------ Exercise inputs ------

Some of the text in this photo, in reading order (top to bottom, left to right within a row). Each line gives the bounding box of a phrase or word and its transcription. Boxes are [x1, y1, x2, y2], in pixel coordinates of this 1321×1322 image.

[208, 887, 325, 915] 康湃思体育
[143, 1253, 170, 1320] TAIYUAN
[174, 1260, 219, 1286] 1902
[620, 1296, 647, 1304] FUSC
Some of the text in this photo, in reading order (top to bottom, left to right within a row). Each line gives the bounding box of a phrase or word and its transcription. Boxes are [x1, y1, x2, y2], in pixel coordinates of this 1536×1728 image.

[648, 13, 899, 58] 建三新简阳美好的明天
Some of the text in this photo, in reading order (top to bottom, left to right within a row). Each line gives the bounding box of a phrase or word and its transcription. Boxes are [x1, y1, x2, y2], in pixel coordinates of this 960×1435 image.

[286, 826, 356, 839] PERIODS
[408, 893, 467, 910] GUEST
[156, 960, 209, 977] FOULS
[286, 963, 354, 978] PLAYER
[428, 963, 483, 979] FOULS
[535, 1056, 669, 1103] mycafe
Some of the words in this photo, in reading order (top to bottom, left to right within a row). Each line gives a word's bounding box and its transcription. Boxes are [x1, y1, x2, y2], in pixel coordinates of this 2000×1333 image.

------

◆ **Directions for this task**
Without altering a single word, set down all the entries again.

◆ **Expected answer**
Some of the text in this photo, in reading order (top to bottom, left to right within a row). Each line gives the bounding box of a phrase or word and its transcription. Boxes are [x1, y1, x2, y2], in pixel coordinates of this 1321×1322 image.

[208, 887, 325, 915] 康湃思体育
[143, 1253, 170, 1320] TAIYUAN
[174, 1260, 219, 1286] 1902
[620, 1296, 647, 1304] FUSC
Some of the text in this photo, in reading order (top to bottom, left to right within a row). Each line gives the bounding box of a phrase or word and its transcription. Boxes are [x1, y1, x2, y2], in pixel coordinates of this 1536×1728 image.

[648, 13, 899, 58] 建三新简阳美好的明天
Some of the text in this photo, in reading order (top to bottom, left to right within a row). Each line gives the bounding box of a phrase or word and its transcription. Boxes are [x1, y1, x2, y2], in pixel coordinates of this 960×1435 image.

[286, 826, 356, 839] PERIODS
[408, 893, 467, 910] GUEST
[156, 960, 209, 977] FOULS
[286, 963, 354, 978] PLAYER
[428, 963, 483, 979] FOULS
[535, 1056, 669, 1103] mycafe
Some of the words in this photo, in reading order (top to bottom, left to right within a row). Each line gives a word's bounding box and its transcription. Boxes are [x1, y1, x2, y2], in pixel coordinates of this 2000×1333 image.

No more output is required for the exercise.